### REQUIREMENT
Your copy of the listing should be exact and should contain no pictures.

### MATERIAL SHOWN
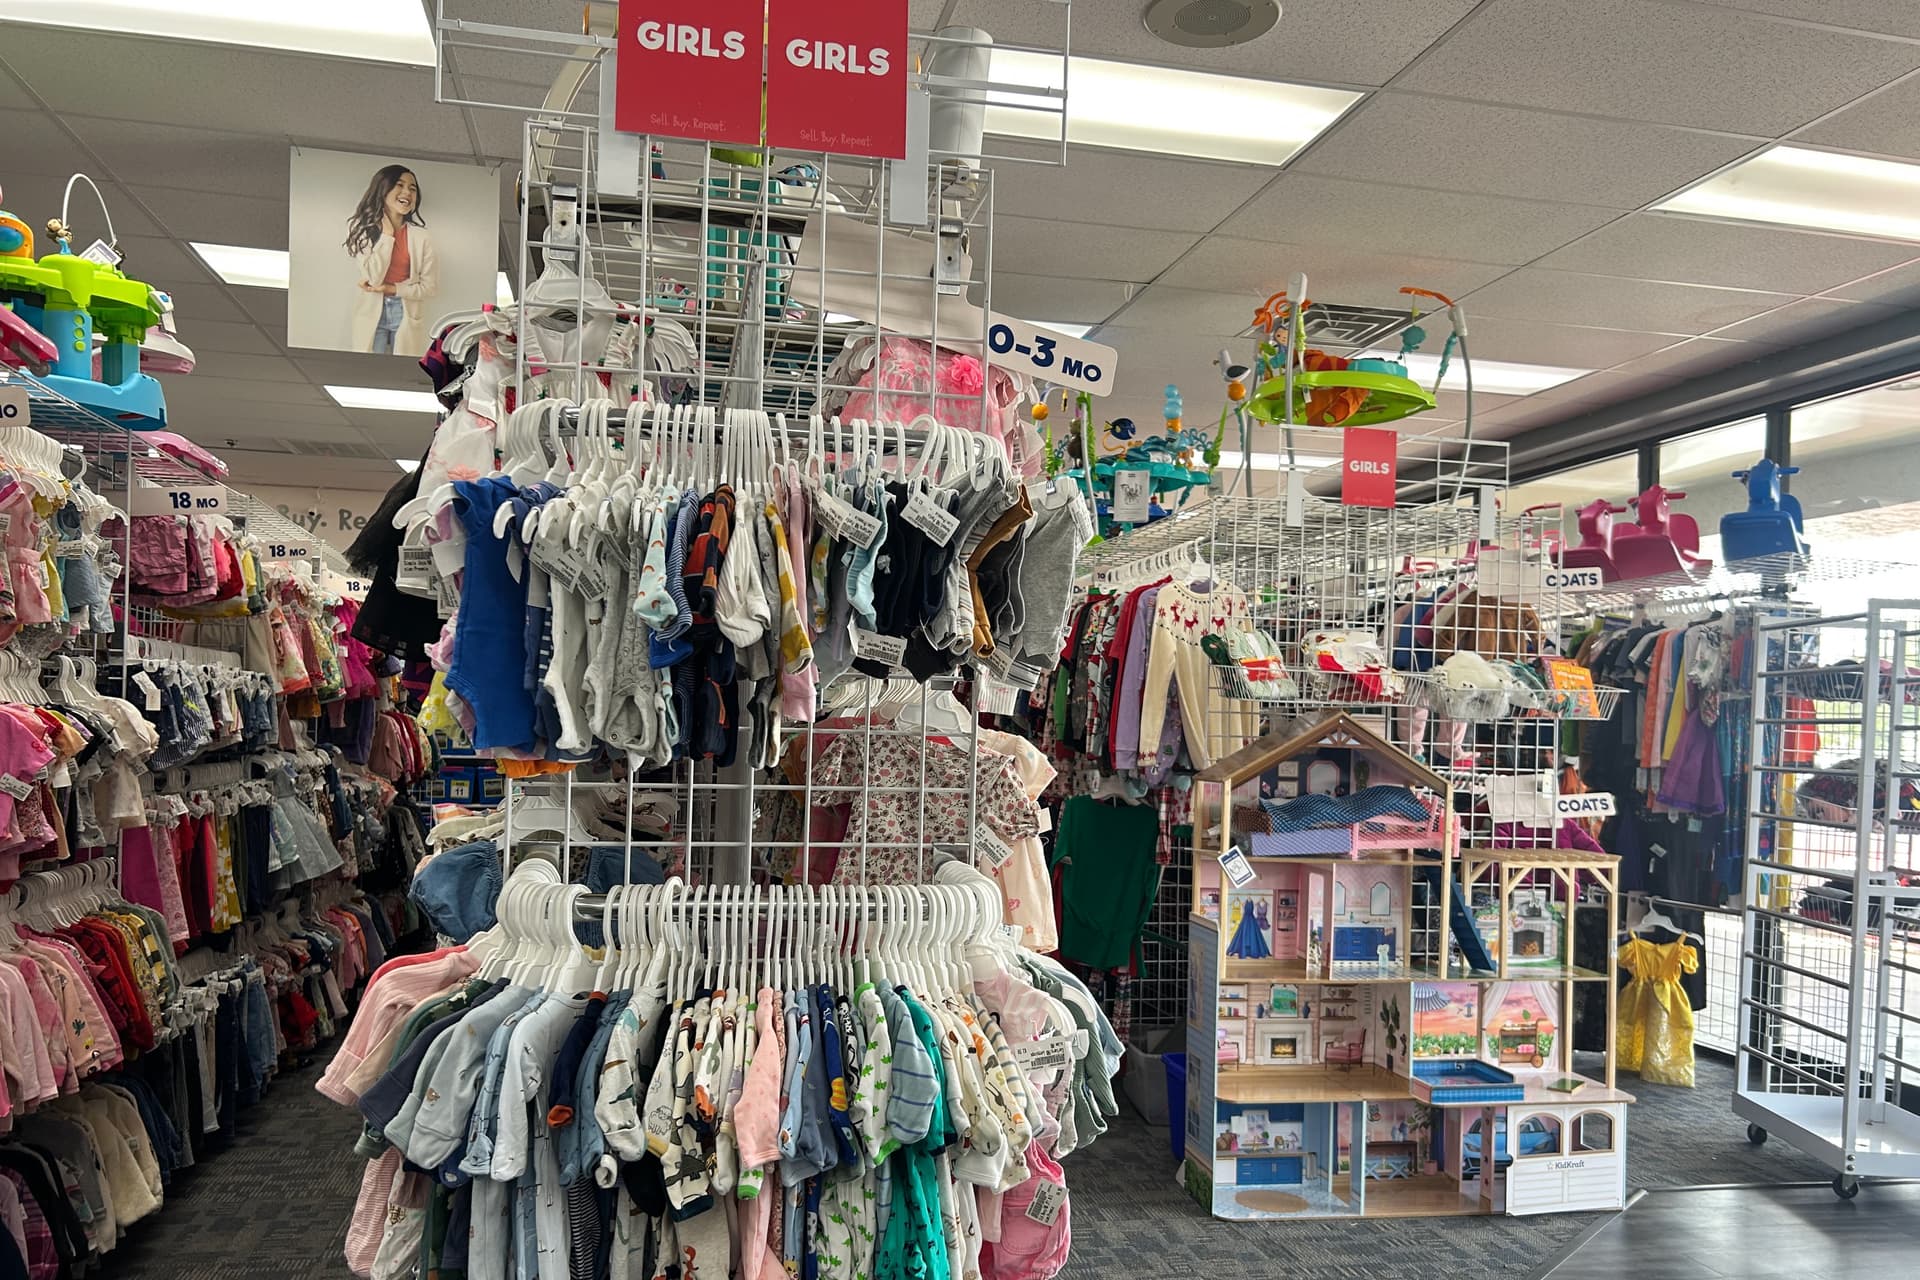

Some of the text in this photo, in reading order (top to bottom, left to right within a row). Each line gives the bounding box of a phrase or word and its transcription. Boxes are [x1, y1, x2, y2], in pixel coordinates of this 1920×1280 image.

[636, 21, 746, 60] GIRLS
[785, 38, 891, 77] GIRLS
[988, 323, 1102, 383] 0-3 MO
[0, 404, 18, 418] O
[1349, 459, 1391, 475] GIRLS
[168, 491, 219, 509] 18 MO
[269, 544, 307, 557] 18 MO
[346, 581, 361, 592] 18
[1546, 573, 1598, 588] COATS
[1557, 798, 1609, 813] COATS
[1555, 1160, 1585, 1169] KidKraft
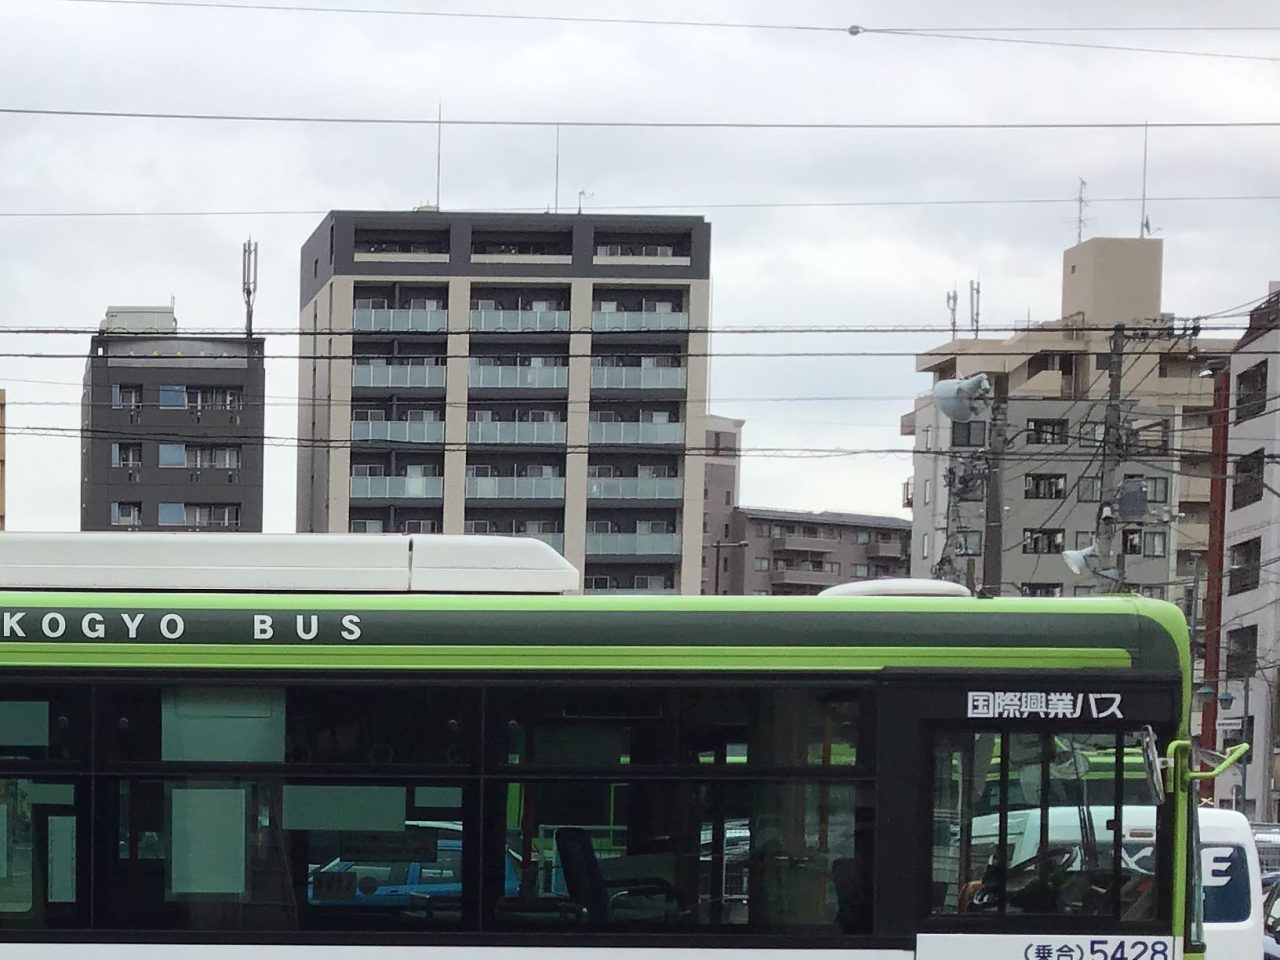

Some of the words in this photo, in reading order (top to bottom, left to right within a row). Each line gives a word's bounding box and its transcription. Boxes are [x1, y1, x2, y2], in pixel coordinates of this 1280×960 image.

### SOLUTION TO THE PROBLEM
Some of the text in this photo, in reading order (top to bottom, left to right within a row). Each line gives the bounding box of a phrase or word and its transcription. Boxes are [x1, y1, x2, y2], in pixel coordinates of this 1920×1280 image.

[636, 21, 746, 60] GIRLS
[785, 38, 891, 77] GIRLS
[988, 323, 1102, 383] 0-3 MO
[0, 404, 18, 418] O
[1349, 459, 1391, 475] GIRLS
[168, 491, 219, 509] 18 MO
[269, 544, 307, 557] 18 MO
[346, 581, 361, 592] 18
[1546, 573, 1598, 588] COATS
[1557, 798, 1609, 813] COATS
[1555, 1160, 1585, 1169] KidKraft

Some of the words in this photo, in reading order (top to bottom, left to right within a row). Each line gives a word's bounding box and its transcription. Boxes are [x1, y1, x2, y2], in pixel coordinates of this 1280×960 image.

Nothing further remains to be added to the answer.